Further, in the first means, the control means processes the image data stored in the line memory in accordance with the read density instruction signal input from the external device to adjust the image data density of the external device. This is achieved by the fifth means for outputting as corresponding image data.

[0010]

In the first means, the control means controls the read timing of the line memory in response to the image data write signal transmitted from the external device, and the sub-scan timing based on the timing signal transmitted from the external device. Control signal generation.

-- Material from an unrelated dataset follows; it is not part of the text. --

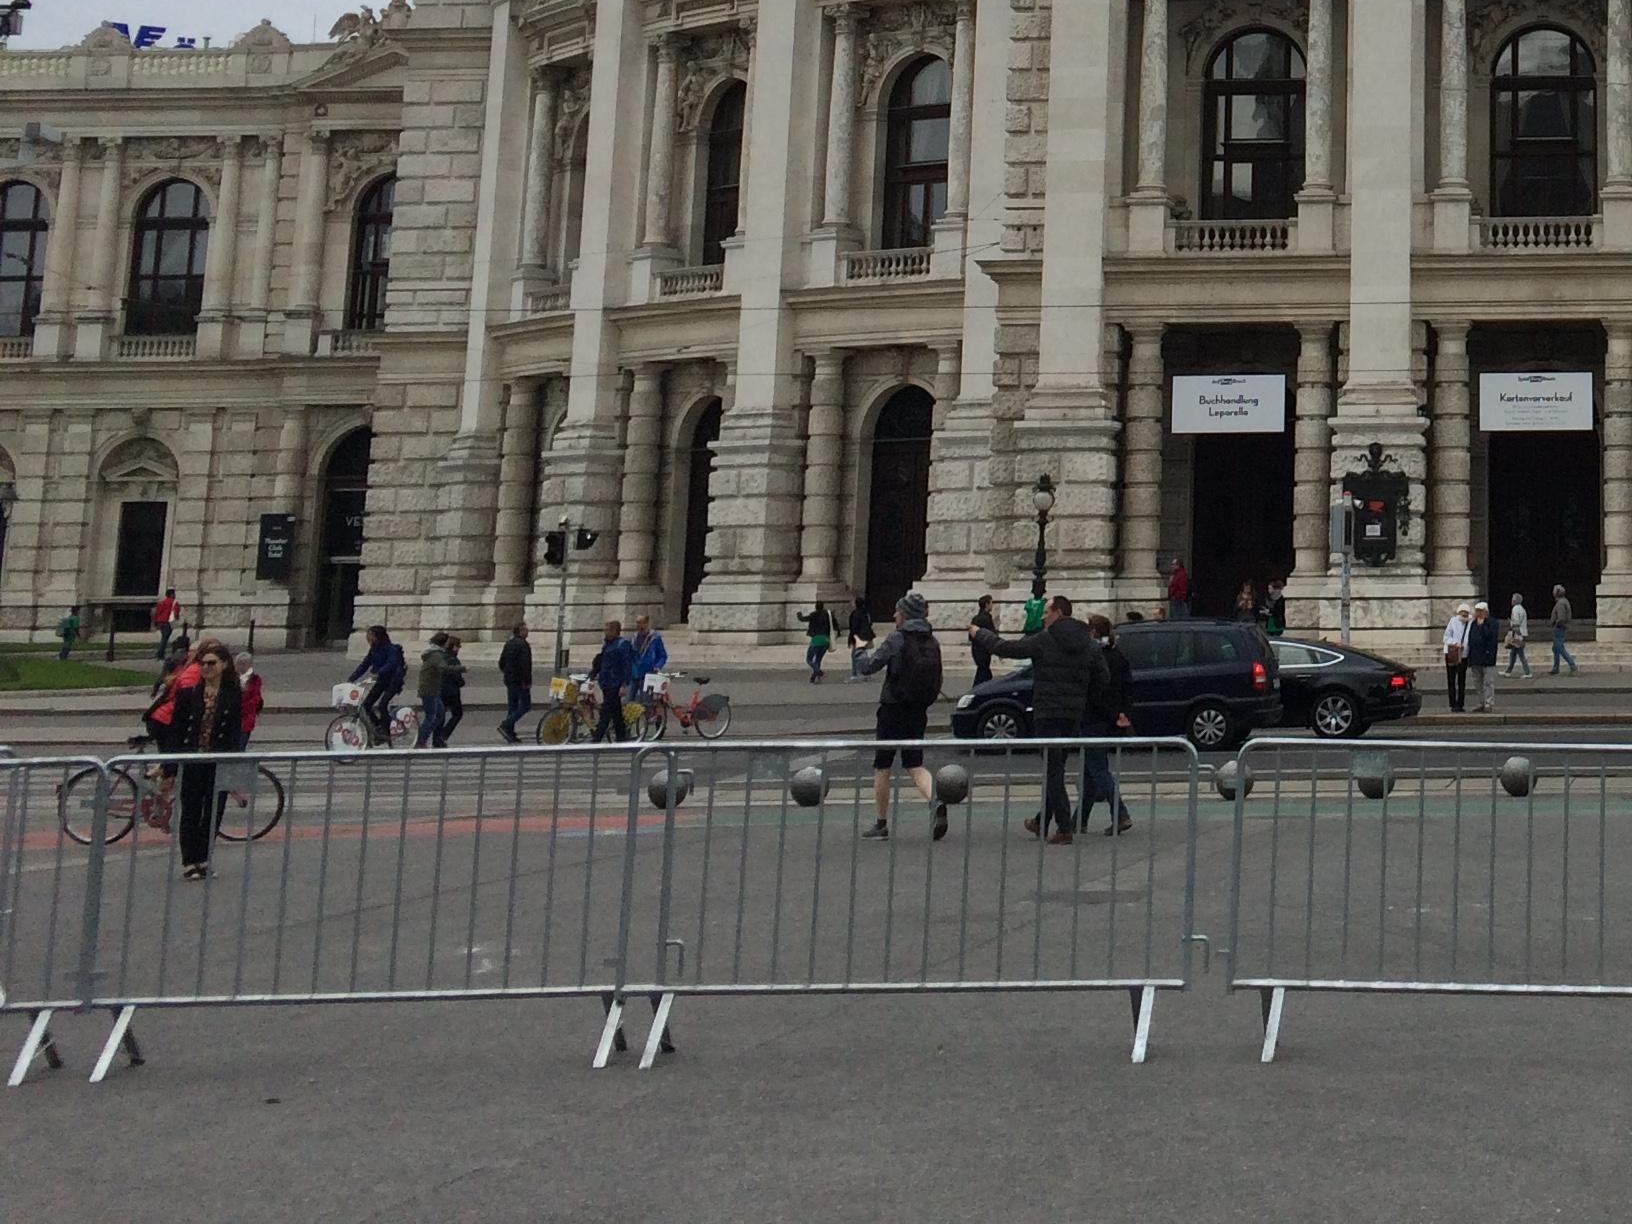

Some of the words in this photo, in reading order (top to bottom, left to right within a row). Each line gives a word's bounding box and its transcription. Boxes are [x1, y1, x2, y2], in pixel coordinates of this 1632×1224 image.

In the second means, the control means are sequentially
It controls the writing and reading of each line memory.

In the third means, the discriminating means determines whether the reading speed of each pixel of the external device is faster or slower than the reading speed of the line memory of the control means according to the reading speed discriminating signal transmitted from the external device. To determine. The control means controls the read speed of the line memory according to the discrimination result of the discrimination means.

In the fourth means, when the determining means determines that the reading speed of each pixel of the external device is slower than the reading speed of the line memory of the controlling means, the controlling means transfers the image data to the image of the external device. When it is determined that the transfer signal is fast, the control means controls to use the image transfer signal of the image reading device.

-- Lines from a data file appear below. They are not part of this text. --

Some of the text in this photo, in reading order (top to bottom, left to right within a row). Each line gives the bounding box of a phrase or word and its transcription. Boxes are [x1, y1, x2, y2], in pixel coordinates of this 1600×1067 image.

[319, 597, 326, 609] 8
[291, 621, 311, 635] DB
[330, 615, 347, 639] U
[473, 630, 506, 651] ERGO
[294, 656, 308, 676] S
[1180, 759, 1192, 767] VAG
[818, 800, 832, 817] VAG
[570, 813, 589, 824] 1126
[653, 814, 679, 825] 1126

In the fifth means, the control means processes the image data stored in the line memory in response to the read density instruction signal input from the external device, and converts the image data into image data corresponding to the image data density of the external device. Output.

[0015]

Embodiments of the present invention will be described below with reference to the drawings.

(1) First Embodiment FIG. 1 is a block diagram of an image reading apparatus according to the first embodiment. In the figure, 1 is a CCD for converting optical image information into an electric signal, 2 is a CCD driver for driving the CCD 1 by a signal of a timing generator described later, and 3 is various processing for the image signal output from the CCD 1. And
A signal processing unit that outputs an image signal as a digital signal,
Reference numeral 4 is a timing generator that generates various timing signals of the present device based on information from a CPU, which will be described later, and reference numeral 5 is a CPU that controls the present device by external control information.

Further, 6 is a motor driver for driving a motor by a control signal output from the CPU 5, and 7 is image data output from the signal processing unit 3 and an address of a line memory which will be described later output from the timing generator 4. A gate (1) for controlling output of a signal and a write enable signal (hereinafter abbreviated as WE) by the CPU 5,
Reference numeral 8 is a bidirectional gate (2) for controlling the image data output from the line memory described later, the address signal of the line memory output from the CPU 5 and the output of WE and the direction of the signal by the CPU 5, and 9 is a reading optical system. A pulse motor for driving the system or the document feeder, 10 is a line memory for storing one line of image data, 11 is an interface for inputting and outputting a control signal from an external device, a status signal of this device, and image data, 12 Is an image recording apparatus including a host computer together with a printer, an image recording medium, and the like.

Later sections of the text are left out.